Although AGEP is a potentially severe disease with up to 5 percent mortality, it generally has a good overall prognosis. Nevertheless high fever or superinfection of skin lesions can sometimes lead to life-threatening situations in elderly patients or those with poor general condition. After withdrawal of the presumed offending drug, pustules resolve spontaneously in less then 15 days, generally with a characteristic post-pustular pin-point extensive desquamation [36]. Symptomatic systemic medications such as anti-pyretics and anti-histamines can be prescribed, if not suspected as causative drugs for the disease. The diagnosis of AGEP should be made early enough so that unnecessary investigations and the administration of aggressive therapies for other suspected pustular eruptions can be avoided.
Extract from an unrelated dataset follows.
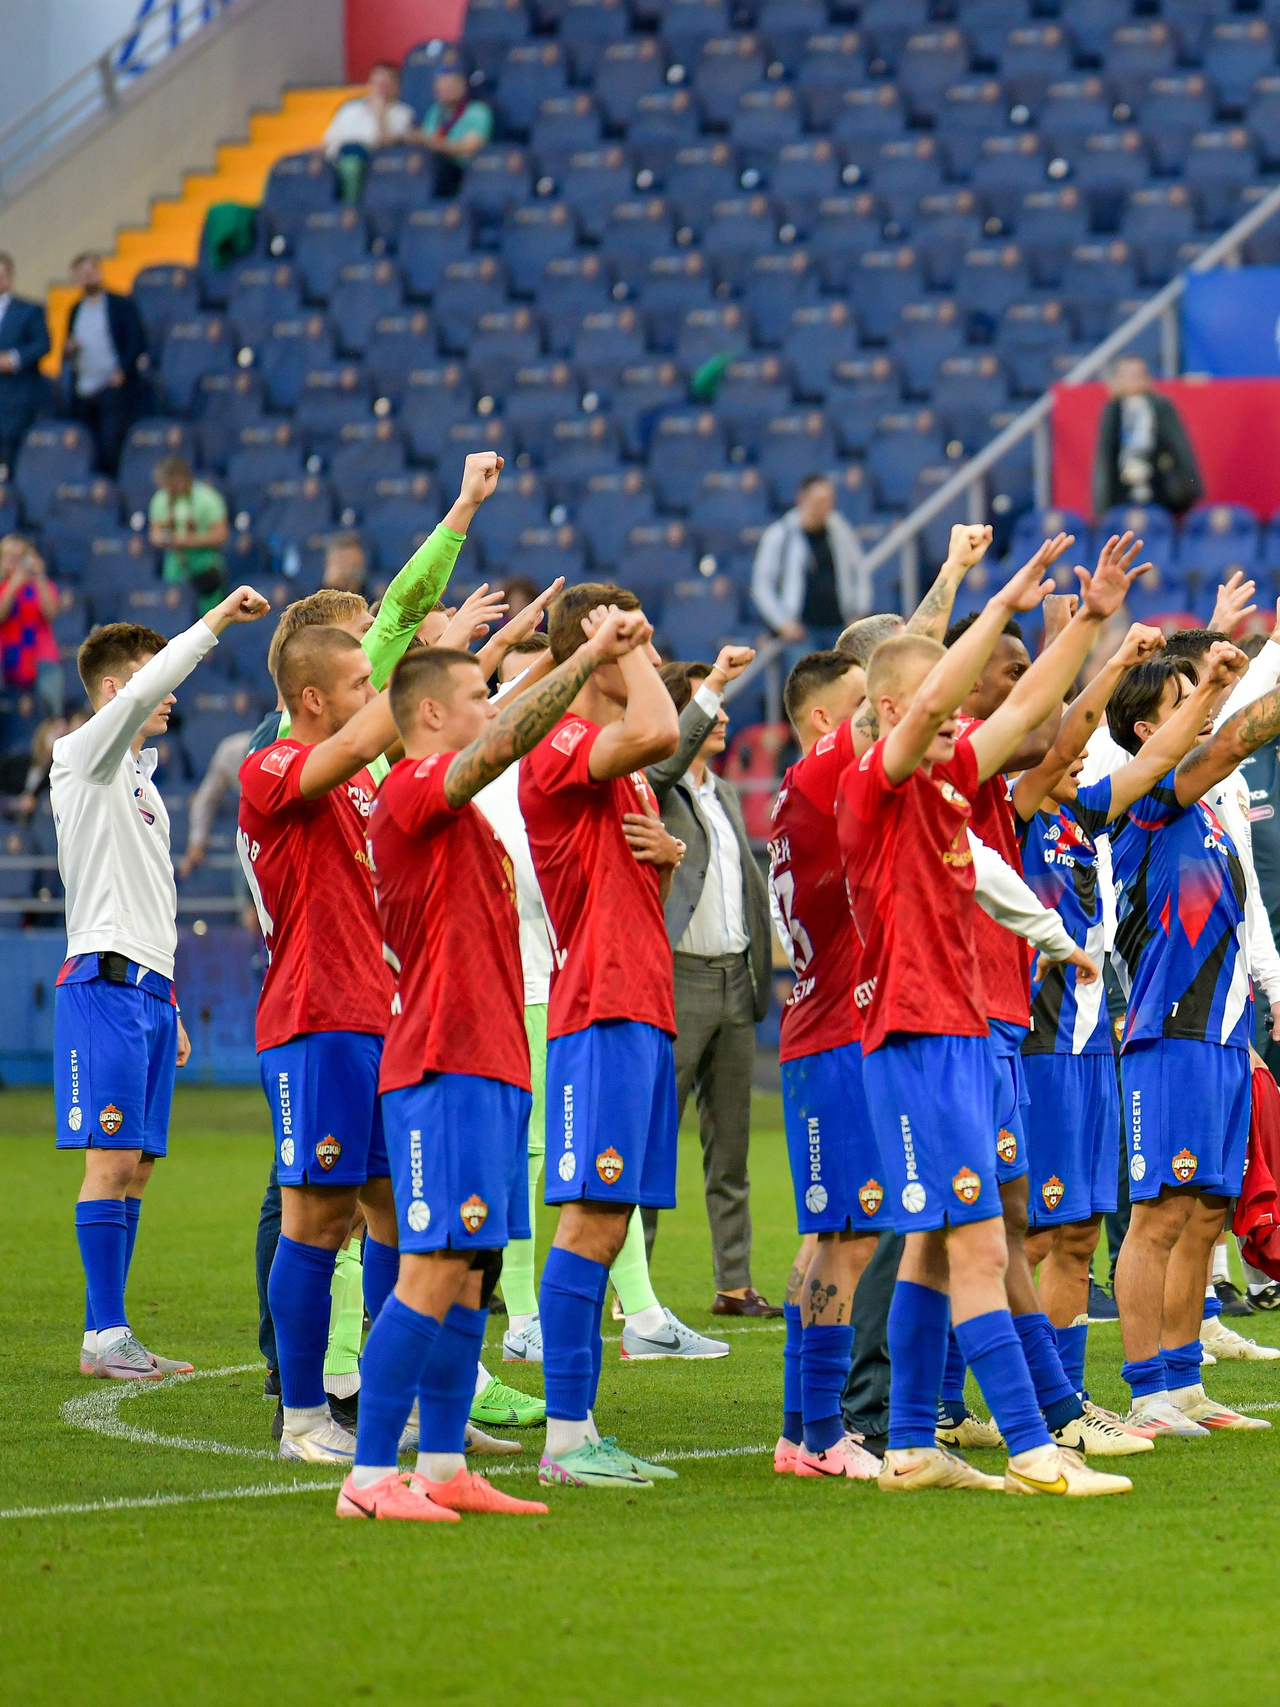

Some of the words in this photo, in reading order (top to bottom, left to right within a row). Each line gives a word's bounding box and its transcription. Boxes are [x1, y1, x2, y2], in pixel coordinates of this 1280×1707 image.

Because it is essential to discontinue the causative drug as soon as possible if a pustular eruption occurs, physicians must be informed of the risk, which should be added to adverse effects and warning sections of the summary of product characteristics of the drug concerned. Therefore notification of side effects by physicians to the pharmacovigilance centers is crucial [37].

Although the patch tests were negative in our patient, the clinical and histological findings suggest a diagnosis of AGEP induced by nimesulide. To the best of our knowledge there are no previous reports of AGEP induced by the ingestion of nimesulide in the medical literature. We believe that nimesulide should be added to the list of causes of this serious adverse drug reaction.